Exercise instructions
With the pictures left aside, write out the entries that follow exactly.

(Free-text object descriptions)
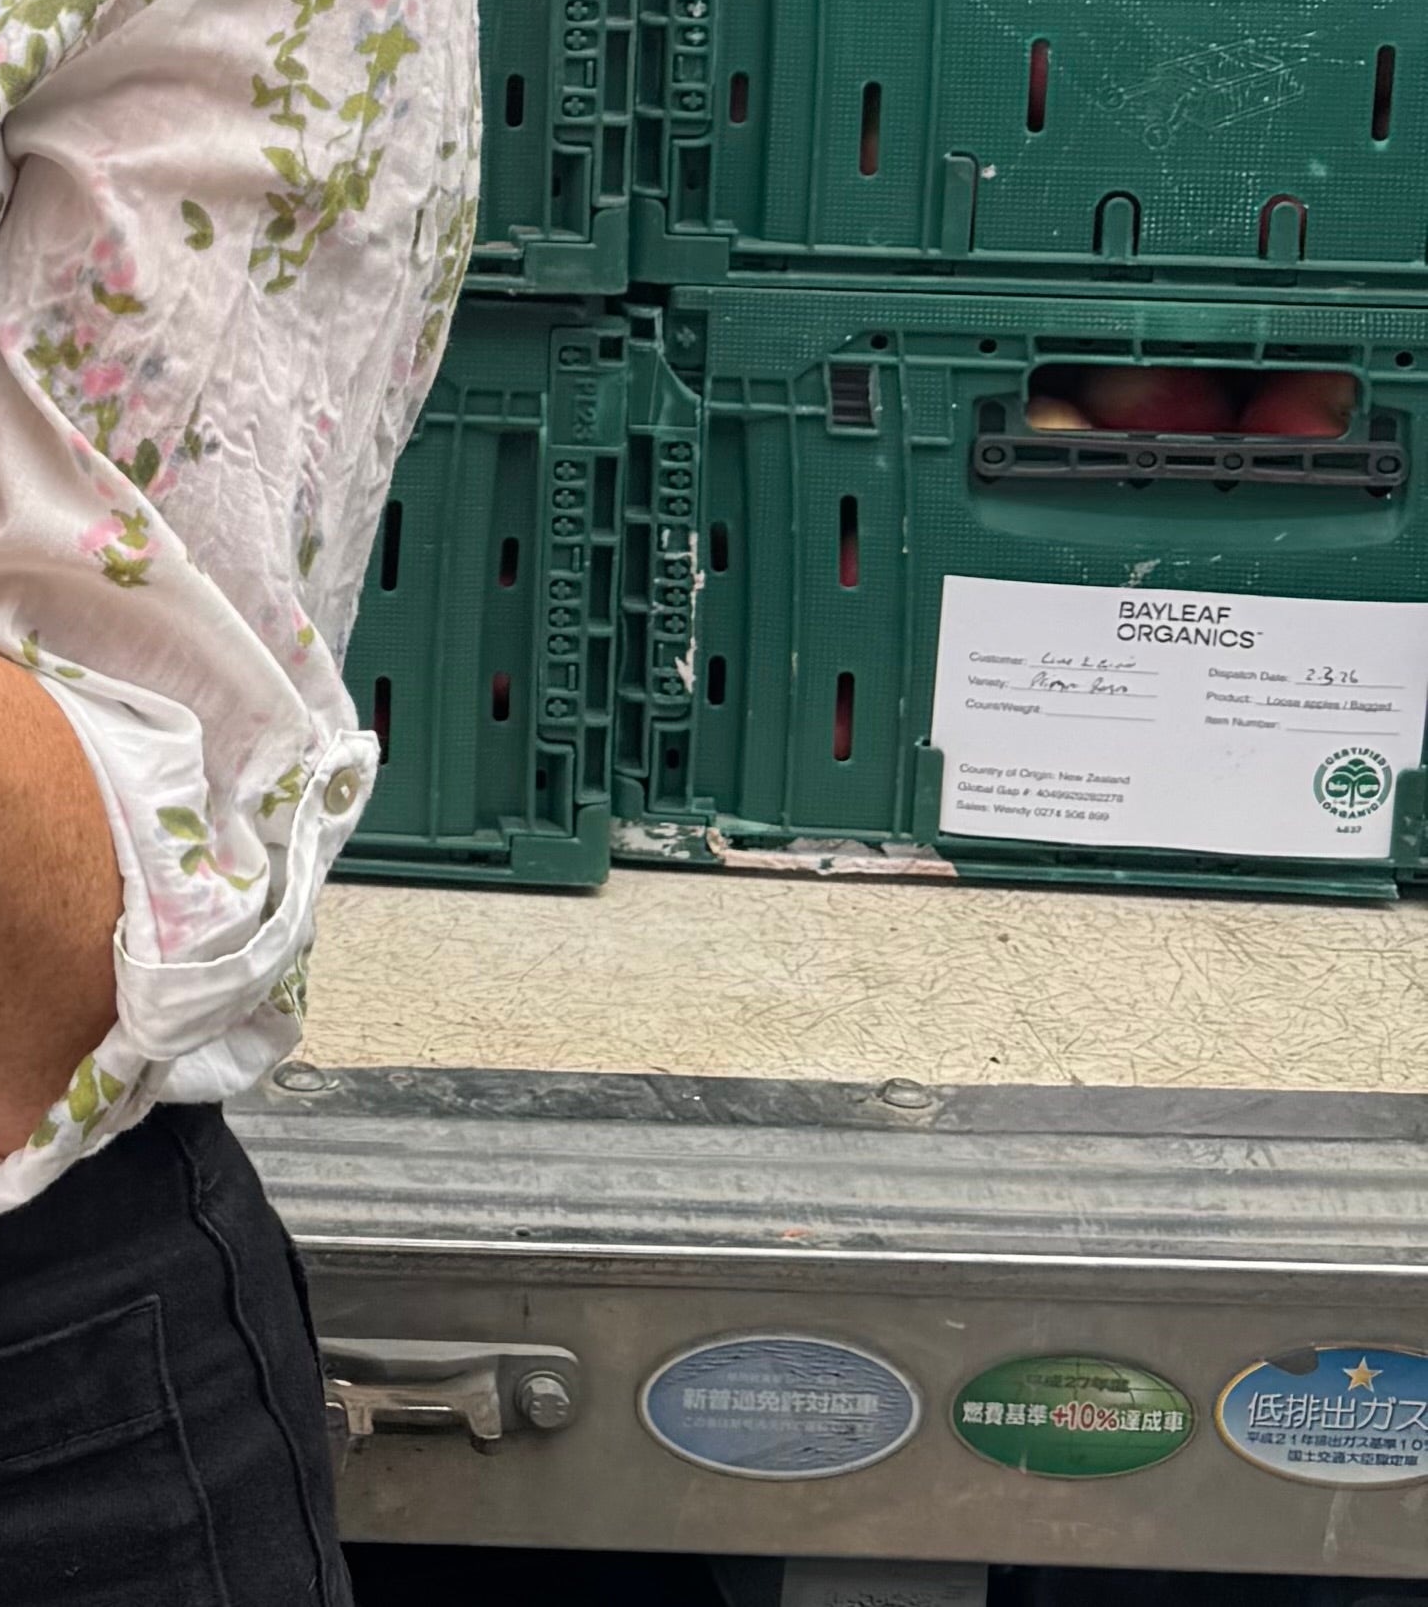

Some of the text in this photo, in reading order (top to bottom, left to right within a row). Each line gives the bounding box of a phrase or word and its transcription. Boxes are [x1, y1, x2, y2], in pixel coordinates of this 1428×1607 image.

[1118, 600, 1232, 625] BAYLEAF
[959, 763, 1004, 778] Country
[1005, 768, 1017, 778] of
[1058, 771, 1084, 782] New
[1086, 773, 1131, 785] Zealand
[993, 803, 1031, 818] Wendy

Output of the task
Some of the text in this photo, in reading order (top to bottom, left to right within a row). Each line gives the bounding box of a phrase or word and its transcription. Boxes are [x1, y1, x2, y2], in pixel coordinates of this 1428×1607 image.

[1118, 600, 1232, 625] BAYLEAF
[959, 763, 1004, 778] Country
[1005, 768, 1017, 778] of
[1058, 771, 1084, 782] New
[1086, 773, 1131, 785] Zealand
[993, 803, 1031, 818] Wendy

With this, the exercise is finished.